## EXERCISE
I would like the entries transcribed word for word, please, with the pictures removed.

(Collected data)

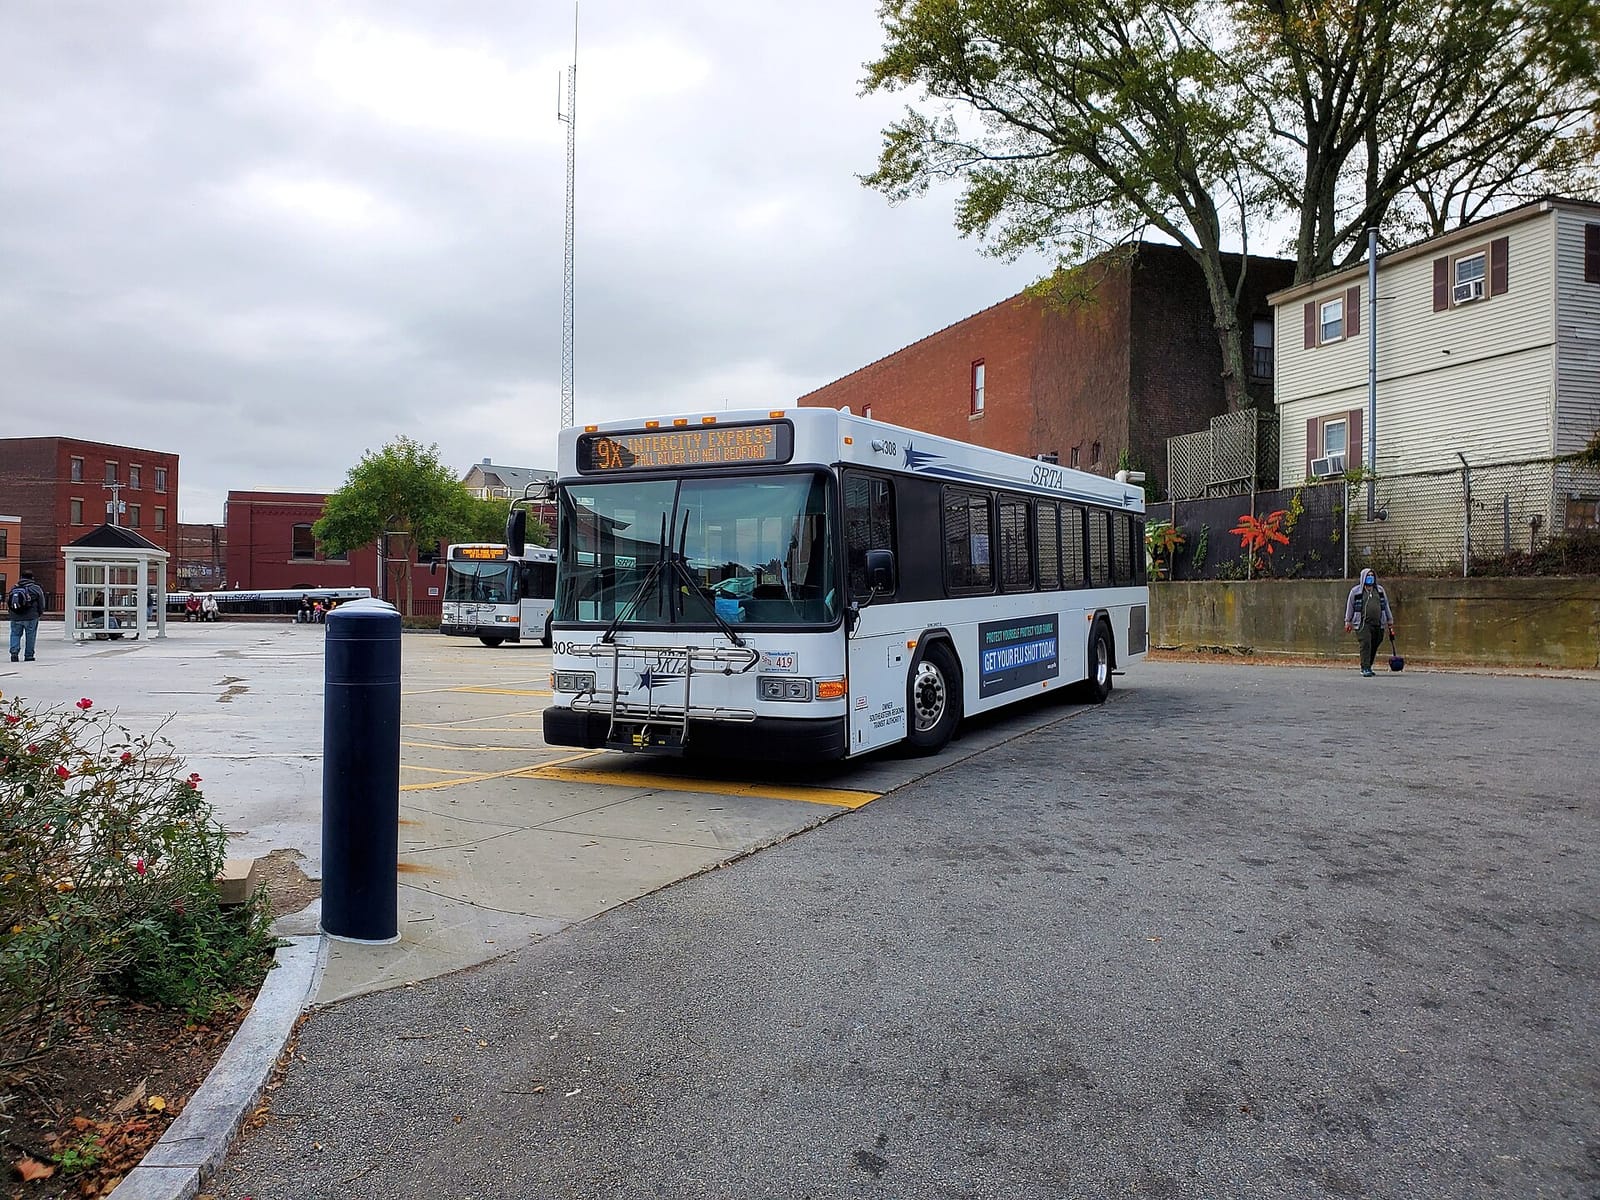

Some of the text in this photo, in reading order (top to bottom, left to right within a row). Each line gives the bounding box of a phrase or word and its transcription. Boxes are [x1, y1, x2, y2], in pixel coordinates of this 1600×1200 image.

[627, 427, 773, 453] INTERCITY EXPRESS
[597, 439, 623, 468] 9X
[634, 444, 766, 466] FALL RIVER TO NEW BEDFORD
[1030, 464, 1064, 490] SRTA
[776, 656, 793, 668] 419
[984, 652, 997, 671] GET
[997, 648, 1014, 668] YOUR
[1014, 646, 1024, 665] FLU
[1024, 643, 1039, 662] SHOT

## EXPECTED ANSWER
Some of the text in this photo, in reading order (top to bottom, left to right within a row). Each line gives the bounding box of a phrase or word and its transcription. Boxes are [x1, y1, x2, y2], in pixel coordinates of this 1600×1200 image.

[627, 427, 773, 453] INTERCITY EXPRESS
[597, 439, 623, 468] 9X
[634, 444, 766, 466] FALL RIVER TO NEW BEDFORD
[1030, 464, 1064, 490] SRTA
[776, 656, 793, 668] 419
[984, 652, 997, 671] GET
[997, 648, 1014, 668] YOUR
[1014, 646, 1024, 665] FLU
[1024, 643, 1039, 662] SHOT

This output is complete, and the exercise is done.